Je demande aimablement s'il serait possible d'avoir un petit-déjeuner plus tôt, étant donné que notre cordée est assez efficace.
Mais non, c'est réservé aux guides.
Je me permets de lui rappeler encore une fois que je suis guide (elle semble l'avoir déjà oublié plusieurs fois aujourd'hui...)
Rien à faire, c'est organisé comme ça, il n'y a plus de place.
Soit, je peux comprendre.
Intervention surprise d'un guide suisse très sympa qui entend la conversation et se permet, surpris que je sois guide malgré le manque de signes ostentatoires, de me proposer d'échanger son petit-déjeuner au premier réveil contre le mien au dernier, comprenant que ma cliente semble bien plus rapide que son client !
Adorable.
Il ne nous reste plus qu'à faire valider le changement d'horaires par le gardien, guide lui aussi.
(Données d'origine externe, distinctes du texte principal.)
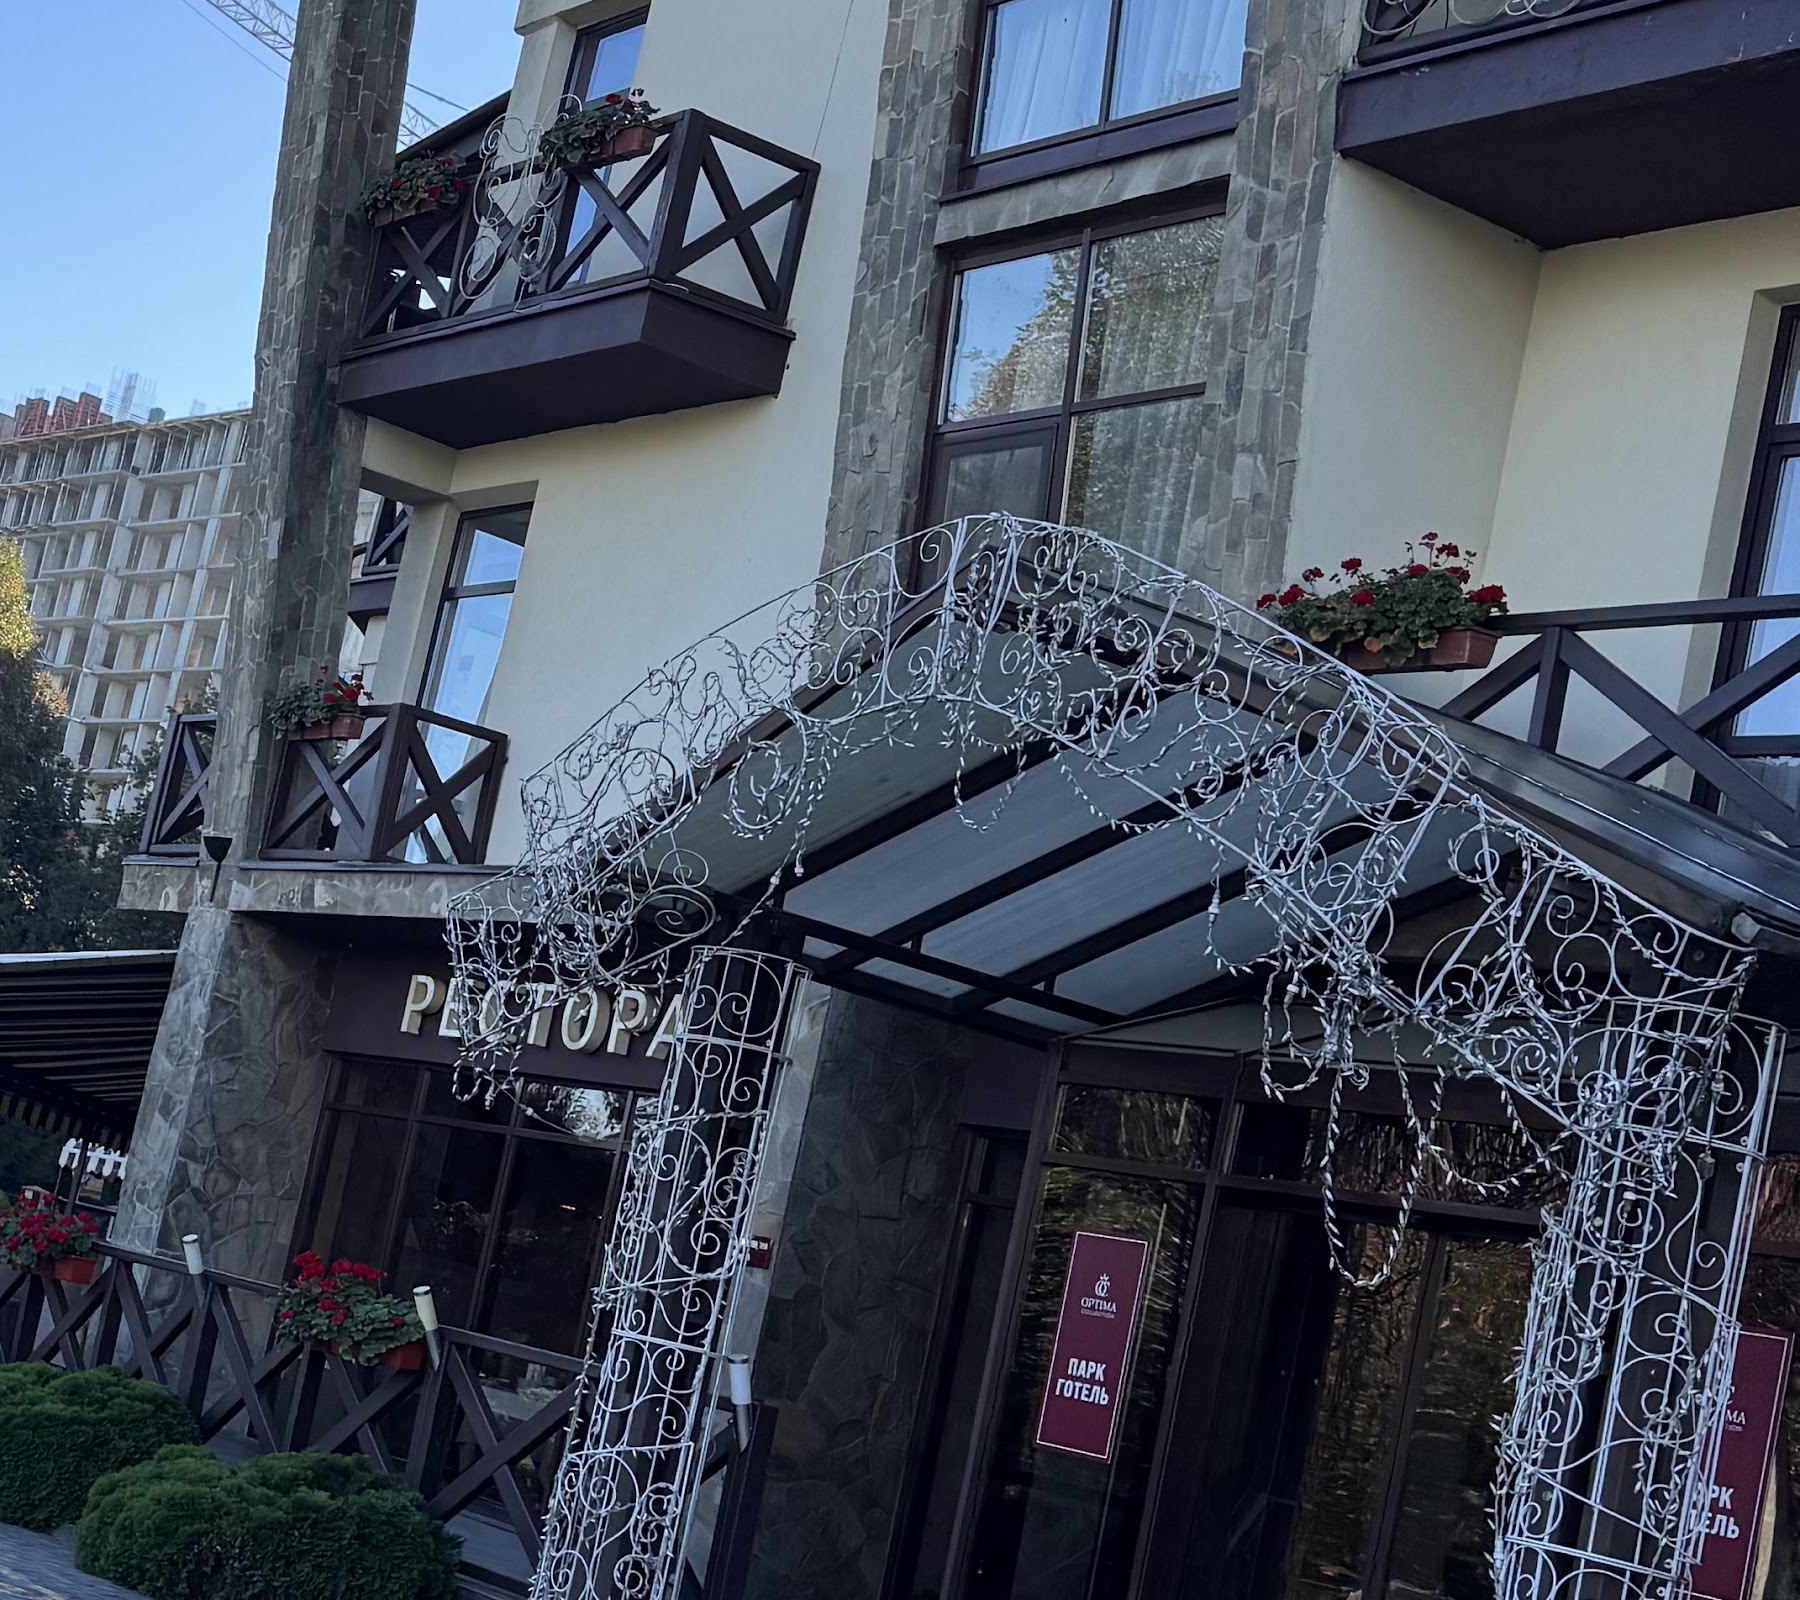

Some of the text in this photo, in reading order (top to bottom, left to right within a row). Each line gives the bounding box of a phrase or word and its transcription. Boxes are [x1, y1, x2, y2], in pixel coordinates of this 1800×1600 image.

[400, 974, 684, 1060] РЕСТОРА
[1080, 1296, 1117, 1313] OPTIMA
[1067, 1357, 1107, 1382] ПАРК
[1055, 1378, 1109, 1405] ГОТЕЛЬ
NON. La réponse est catégorique et sans appel.
On ne change pas l'ordre des choses. Et c'est absolument non négociable.
Un guide suisse doit avoir le premier petit-déjeuner et une française le dernier, c'est ainsi.
Amen.
Le lendemain, nous partons donc les dernières, derrière 12 cordées que nous doubleront presque toutes à la montée, sans rancune et avec un sourire faussement naïf et bienveillant ("très jolie ta veste", "vous permettez ?")
Mais quel drôle de monde....... Ça fait bien mal au coeur...
Il en faudrait plus pour gâcher le plaisir d'une si belle montagne mais quand même, vivement que ces mentalités évoluent...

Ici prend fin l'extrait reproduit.